A City Dangerous, Seductive, and Strange Set in a fantastical New York City of 1 B.C., these seven stories are a stunning mythic vision. In odysseys that wind through urban streets, Shakar's modern... This description may be from another edition of this product.

Customer Reviews

2 ratings

Ovid--Post Modern

I bought this book with the intention of rereading Ovid's Metamorphoses first (the Ted Hughes translation). Unfortunately, my timing was off, and I didn't get to this book right away. I cannot comment on the veracity of all the myths, as I deliberately chose not to go back to read them. These stories are interpretations, not transliterations, so I read them as such. As this is the writer's first book, not to mention that he comes from an esteemed writing program, I see this as a prosaic experiment. I agree that the myths seem at times, incidental. If we judge the stories on his faithfulness to Ovid, I suppose "Waxman's Sun" "A Million Years From Now" and "On Morpheus, Relating to Orpheus" seem to work more consciously with the storyline. They also stuck with me as a reader more than the others; however, that doesn't mean his experiment is a failure. I found his prose style fascinating.

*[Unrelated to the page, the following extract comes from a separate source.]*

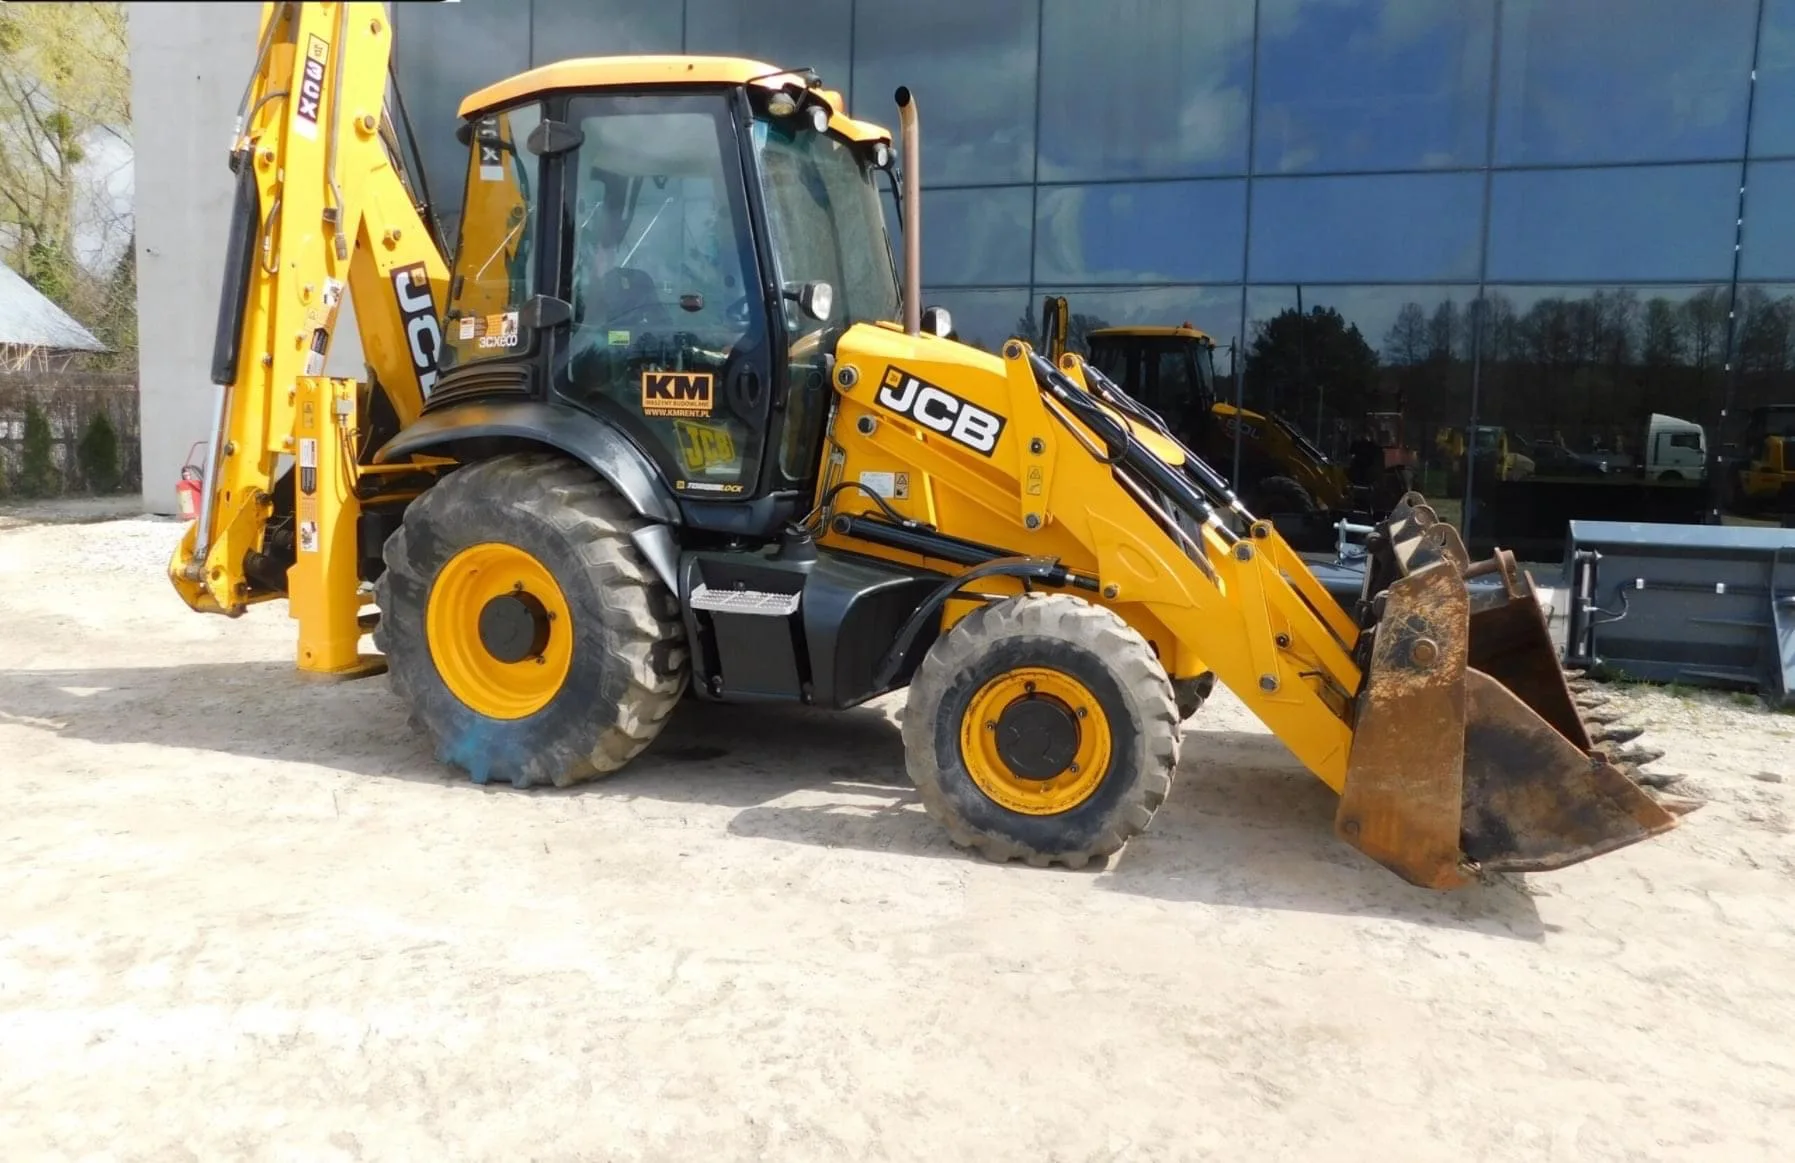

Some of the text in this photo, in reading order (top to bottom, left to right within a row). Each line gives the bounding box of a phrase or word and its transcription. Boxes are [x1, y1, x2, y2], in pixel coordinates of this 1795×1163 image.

[646, 374, 709, 400] KM
[645, 408, 711, 417] WWW.KMRENT.PL
[879, 378, 1000, 452] JCB

For each story, he chose a different voice, a different style of language and he even played with the conventions of narrative--"City of Love" is a perfect example of the latter. By engaging in such inventive prose methods, he summed up New York City perfectly, as it is a polyglot of culture and socio-economic class. Like Rome, people go there to be part of the power source: I have so many friends who went to NY to become actors, writers, dancers--it ran the gammet of the arts. New York is a place for the wealthy to have a second or third home--almost always a condo as it is nearly impossible to find a house in the city. With so many people stacked on top of each other, the city is both the center of life, and the heart of darkness. Ancient Rome was a filthy place. Right now New York is overrun by bedbugs and rats. The apparent randomness of Shakar's prose style captured that hustle and bustle of the overcrowded city, where people will knock you aside to get on the subway. This will never be a popular novel, but if I wanted to teach students how to work with prose, I would make this text mandatory. It doesn't matter that some of Shakar's reworkings of the myths seem contrived; for those who judge the book as such are missing the main point of the narrative. The author exposes inconsistencies in the urban experience through a variety of voices. Large cities, with all their problems and gifts, haven't changed much since Ovid's time. Take the work for what it is, not for what you think it should be.

Ovid redivivus

I had to comment, because the reviews currently listed here rather missed the point of this collection. I don't just mean the Ovid allusions (which are more often irrelevant than crucial to understanding the stories). Shakar takes each myth and explores the psychological and emotional elements, emerging with something ancient and something new. "Maximum Carnage" is perhaps the subtlest of them. It begins with the tale of Caenis/Caeneus from Ovid's Metamorphoses, and focuses on the rape element. Roxanne's own violation is presented subtly and in chillingly sinister allusion. Her fixation on penetration and bloodshed is depicted in what seems a nauseatingly realistic way. In the end he seems to attribute trauma not to the media violence children encounter (video games, etc), but to the violence children experience at the hands of adults and each other. On the other hand, it is interesting that Roxanne chooses to express her trauma in the language of video games and comic books...The last story uses an experimental narrative technique that works well with the subject matter. It offers an oddly hopeful and optimistic outlook, but only to those who will listen to the voice in their ears. The "end" is a bit confusing, and made me wonder whether the second-to-last number on the last page might be a misprint.Yes, read these stories. They are less about a city than about civilization (which hasn't changed much since Ovid's day).